In the very same op-ed, Malami claims that as a result of their “investigation,” they uncovered that a government official was handed “a bag of cash to help secure the deal” by Michael Quinn. Some news outlets quickly wrote as if this claim were an incontrovertible fact. Yet, Malami’s own witness statement to the English Court makes it clear this statement was made “following a revocable plea bargain” in favour of the accused former official.  In other words, the evidence is from a witness whose future freedom depends on the whim of Nigeria’s attorney general. This entire claim is a fairy-tale, and the circumstances under which it was procured should be viewed with extreme scepticism.

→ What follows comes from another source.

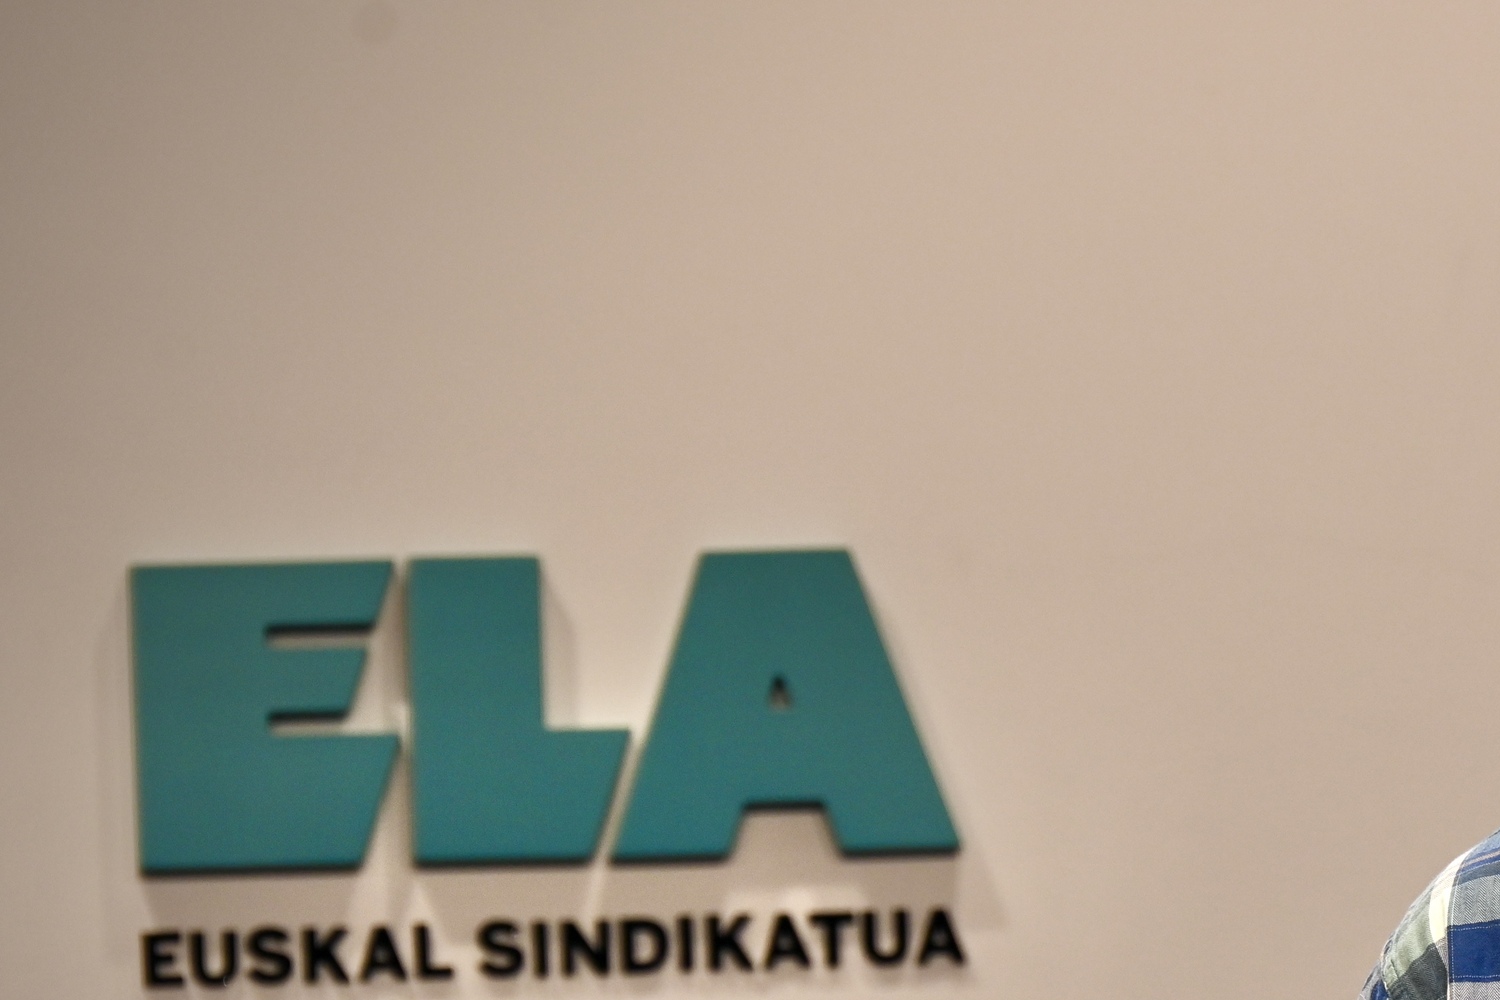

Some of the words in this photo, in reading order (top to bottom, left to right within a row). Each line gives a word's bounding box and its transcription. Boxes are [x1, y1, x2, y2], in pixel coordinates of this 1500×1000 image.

[129, 549, 961, 877] ELA
[142, 923, 453, 989] EUSKAL
[477, 908, 967, 979] SINDIKATUA

This is especially true because the investigating body, the Economic Financial Crimes Commission (EFCC) report, on which the AG’s witness statement is based, is widely seen as a tool to persecute political adversaries and opponents of the Buhari administration. 

For example, Grace Taiga, an ailing, Christian senior citizen and former public servant, who witnessed the signing of the Gas Supply and Processing Agreement was held under deteriorating conditions and was denied both adequate medical care and adequate access to legal representation during her detainment under EFCC custody. Only after international condemnation did AG Malami provide her access to a prison hospital for urgent medical care.

Foreign investment and the rule of law: Those are two crucial elements to improving an economy and indeed a society. It bodes ill for Nigerians that the Buhari Administration is doing all it can to undermine these fundamental pillars.